:: MATERIAL TO PROCESS ::
"""

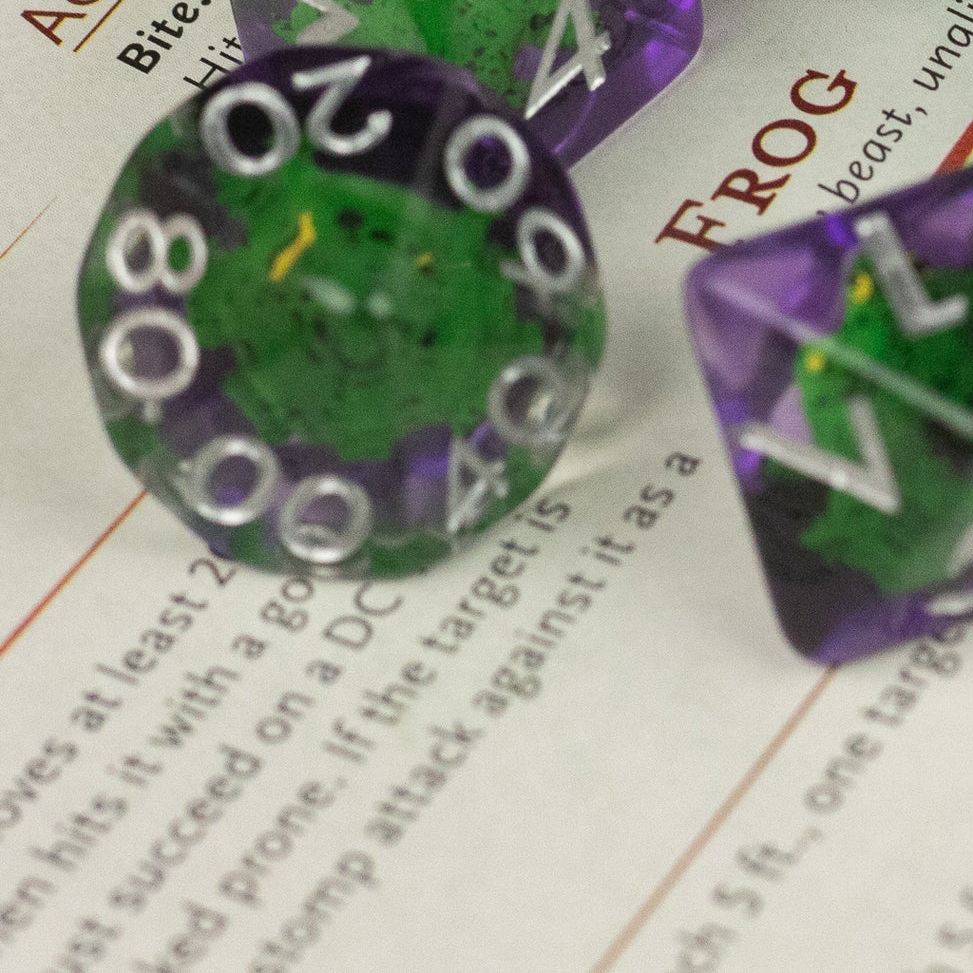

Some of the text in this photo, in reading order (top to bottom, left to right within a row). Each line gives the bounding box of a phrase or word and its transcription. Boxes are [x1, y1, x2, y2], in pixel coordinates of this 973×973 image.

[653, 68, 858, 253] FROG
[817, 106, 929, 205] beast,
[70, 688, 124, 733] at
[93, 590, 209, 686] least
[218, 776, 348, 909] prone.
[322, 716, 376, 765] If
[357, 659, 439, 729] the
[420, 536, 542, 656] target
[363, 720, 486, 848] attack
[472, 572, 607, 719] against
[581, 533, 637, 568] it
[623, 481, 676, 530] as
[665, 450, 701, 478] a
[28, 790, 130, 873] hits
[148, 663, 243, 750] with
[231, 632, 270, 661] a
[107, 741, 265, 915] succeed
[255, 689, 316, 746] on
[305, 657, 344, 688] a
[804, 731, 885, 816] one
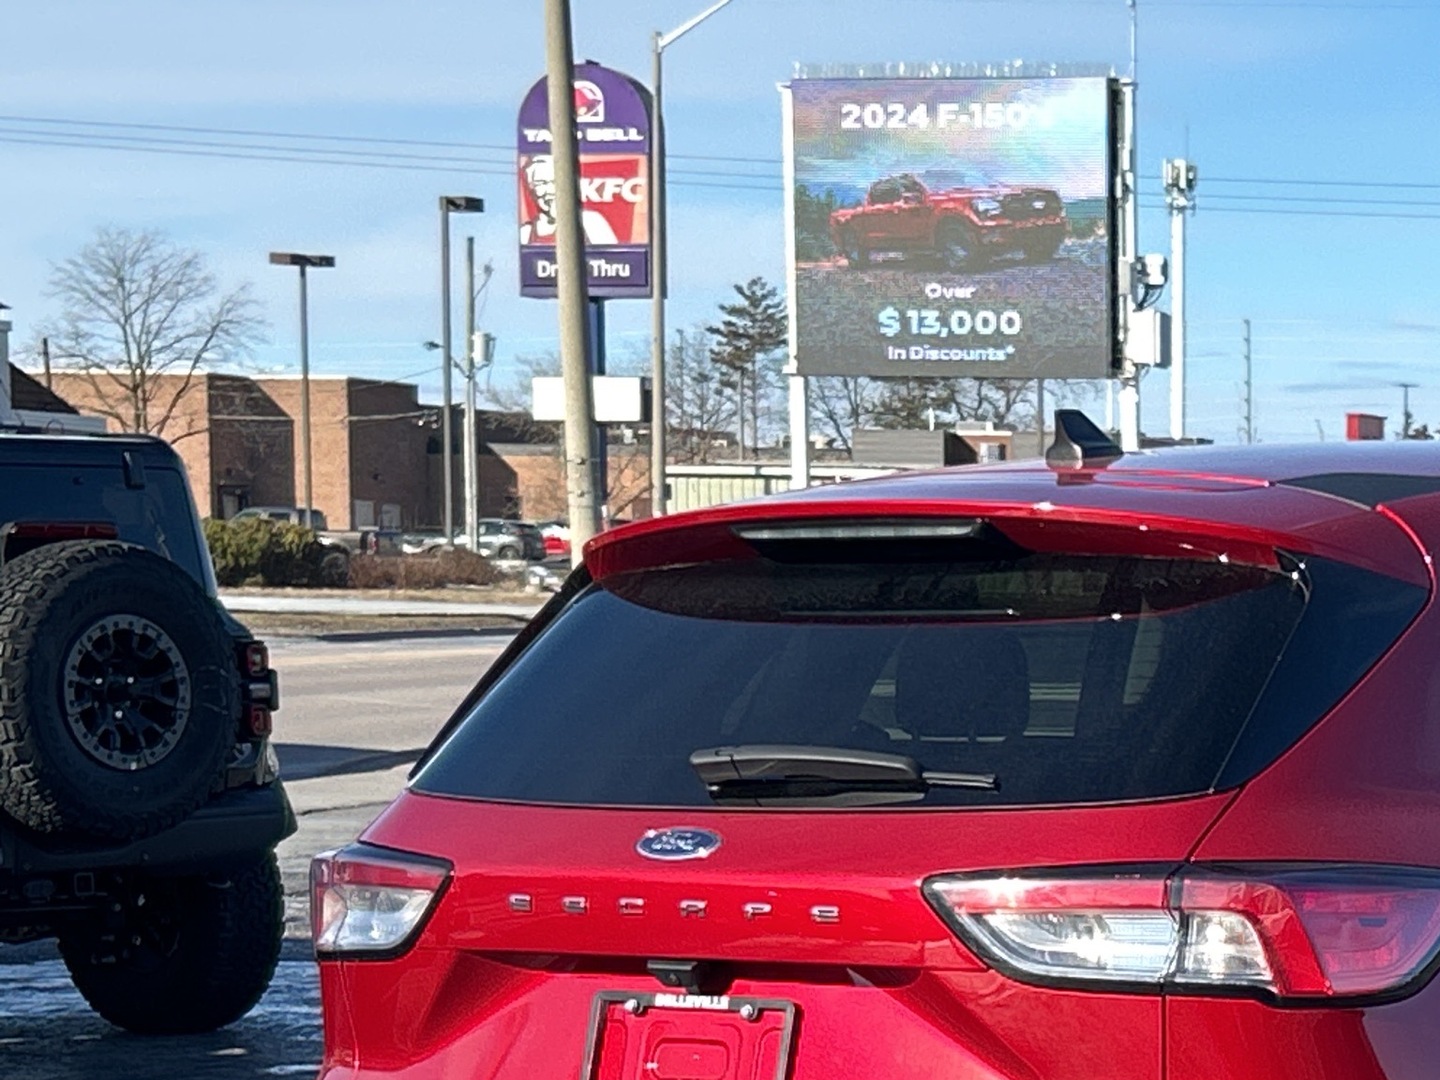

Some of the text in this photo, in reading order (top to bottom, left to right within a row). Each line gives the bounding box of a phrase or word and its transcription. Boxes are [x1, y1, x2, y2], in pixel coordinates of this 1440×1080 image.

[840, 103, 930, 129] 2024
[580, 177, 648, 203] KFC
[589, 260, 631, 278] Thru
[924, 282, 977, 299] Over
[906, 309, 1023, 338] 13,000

"""

:: EXERCISE AIM ::
Copy out the data verbatim, excluding the pictures.

:: ANSWER FOR THE TASK ::
Some of the text in this photo, in reading order (top to bottom, left to right within a row). Each line gives the bounding box of a phrase or word and its transcription. Boxes are [x1, y1, x2, y2], in pixel coordinates of this 973×973 image.

[653, 68, 858, 253] FROG
[817, 106, 929, 205] beast,
[70, 688, 124, 733] at
[93, 590, 209, 686] least
[218, 776, 348, 909] prone.
[322, 716, 376, 765] If
[357, 659, 439, 729] the
[420, 536, 542, 656] target
[363, 720, 486, 848] attack
[472, 572, 607, 719] against
[581, 533, 637, 568] it
[623, 481, 676, 530] as
[665, 450, 701, 478] a
[28, 790, 130, 873] hits
[148, 663, 243, 750] with
[231, 632, 270, 661] a
[107, 741, 265, 915] succeed
[255, 689, 316, 746] on
[305, 657, 344, 688] a
[804, 731, 885, 816] one

Some of the text in this photo, in reading order (top to bottom, left to right within a row). Each line gives the bounding box of a phrase or word and its transcription. Boxes are [x1, y1, x2, y2], in pixel coordinates of this 1440×1080 image.

[840, 103, 930, 129] 2024
[580, 177, 648, 203] KFC
[589, 260, 631, 278] Thru
[924, 282, 977, 299] Over
[906, 309, 1023, 338] 13,000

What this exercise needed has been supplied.